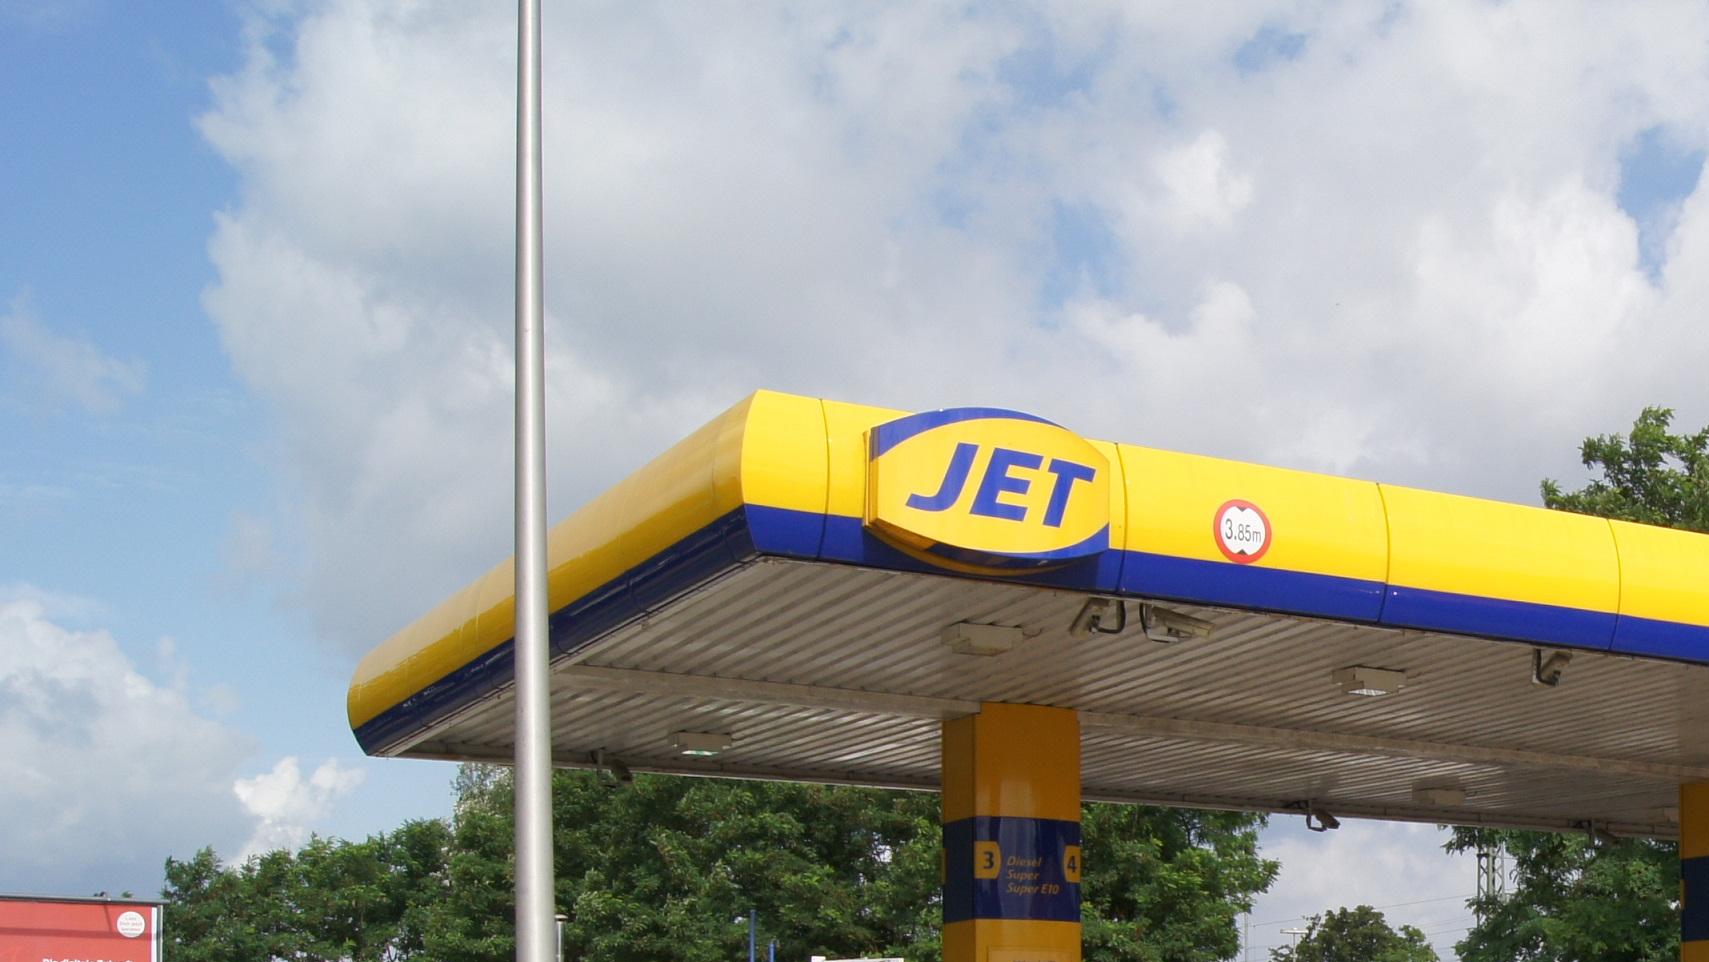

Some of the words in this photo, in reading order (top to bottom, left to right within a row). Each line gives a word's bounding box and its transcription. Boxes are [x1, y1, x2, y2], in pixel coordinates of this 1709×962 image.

[905, 442, 1096, 528] JET
[1225, 518, 1261, 543] 3.85m
[983, 851, 994, 869] 3
[1007, 856, 1042, 867] Diesel
[1067, 855, 1077, 873] 4
[1007, 869, 1039, 882] Super
[1007, 882, 1039, 896] Super
[1041, 883, 1060, 895] E10
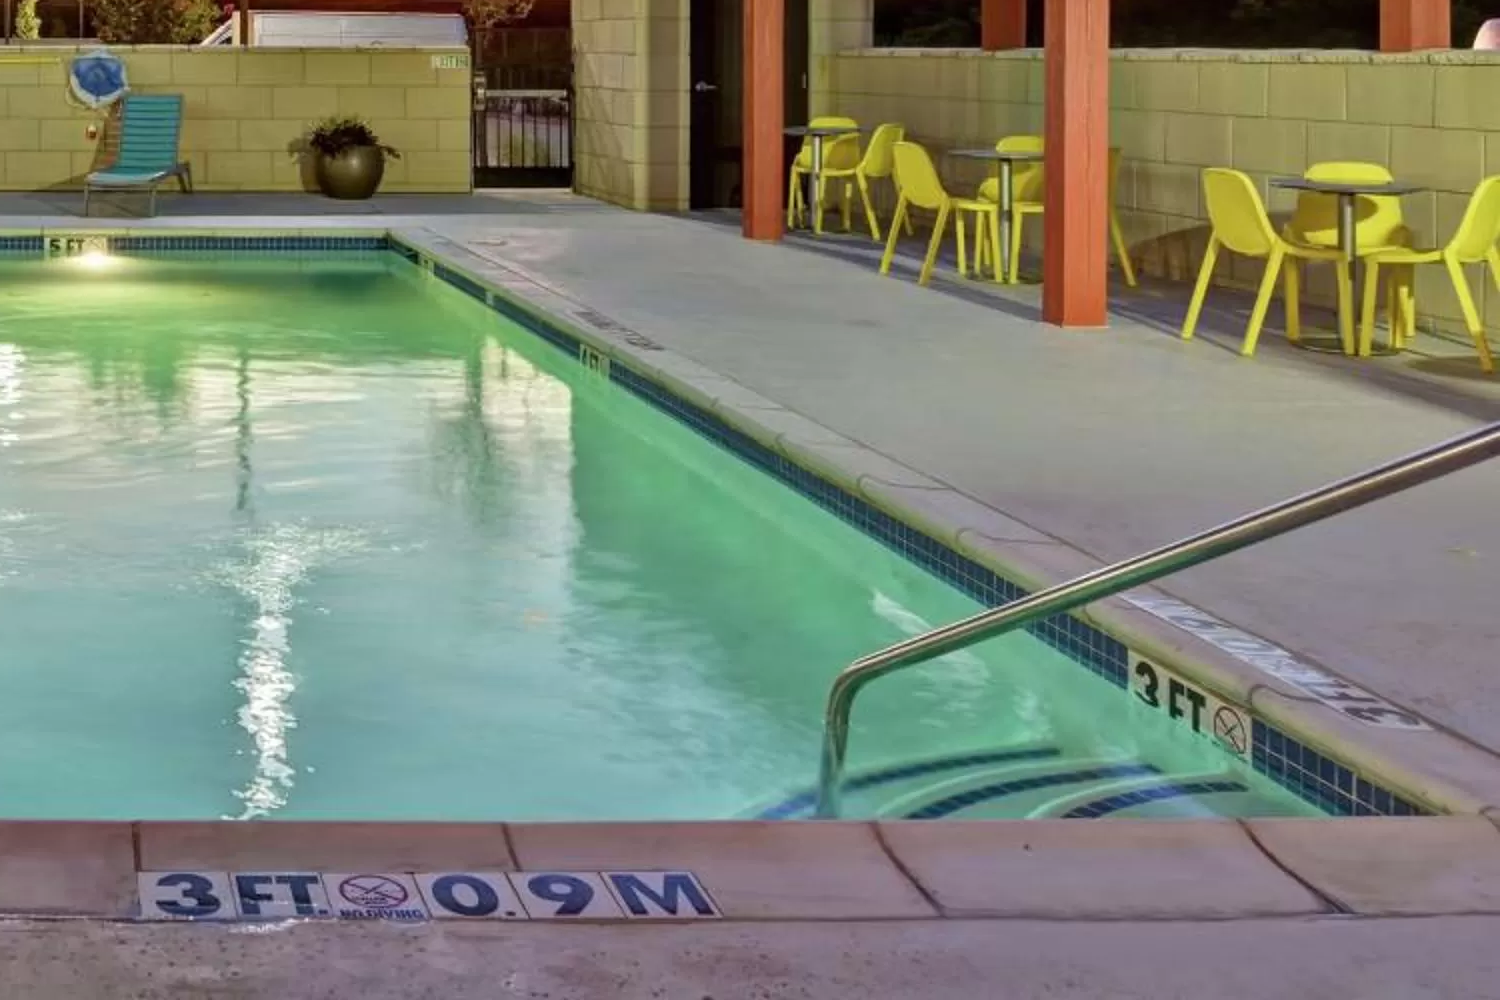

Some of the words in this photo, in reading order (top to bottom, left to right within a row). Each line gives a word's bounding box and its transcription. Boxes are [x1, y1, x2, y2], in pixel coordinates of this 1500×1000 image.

[66, 239, 85, 256] FT
[1135, 661, 1159, 708] 3
[1168, 677, 1207, 734] FT
[155, 873, 222, 917] 3
[339, 909, 366, 919] NO
[366, 909, 425, 920] DIVING
────────
Exercise objective: Transcribe every line of the records exactly. Pictures do not belong in the copy.

Problem solution:
Some of the words in this photo, in reading order (top to bottom, left to right within a row). Each line gives a word's bounding box and its transcription. Boxes are [x1, y1, x2, y2], in pixel coordinates of this 1709×962 image.

[905, 442, 1096, 528] JET
[1225, 518, 1261, 543] 3.85m
[983, 851, 994, 869] 3
[1007, 856, 1042, 867] Diesel
[1067, 855, 1077, 873] 4
[1007, 869, 1039, 882] Super
[1007, 882, 1039, 896] Super
[1041, 883, 1060, 895] E10

Some of the words in this photo, in reading order (top to bottom, left to right within a row). Each line gives a word's bounding box and its transcription. Boxes are [x1, y1, x2, y2], in pixel coordinates of this 1500×1000 image.

[66, 239, 85, 256] FT
[1135, 661, 1159, 708] 3
[1168, 677, 1207, 734] FT
[155, 873, 222, 917] 3
[339, 909, 366, 919] NO
[366, 909, 425, 920] DIVING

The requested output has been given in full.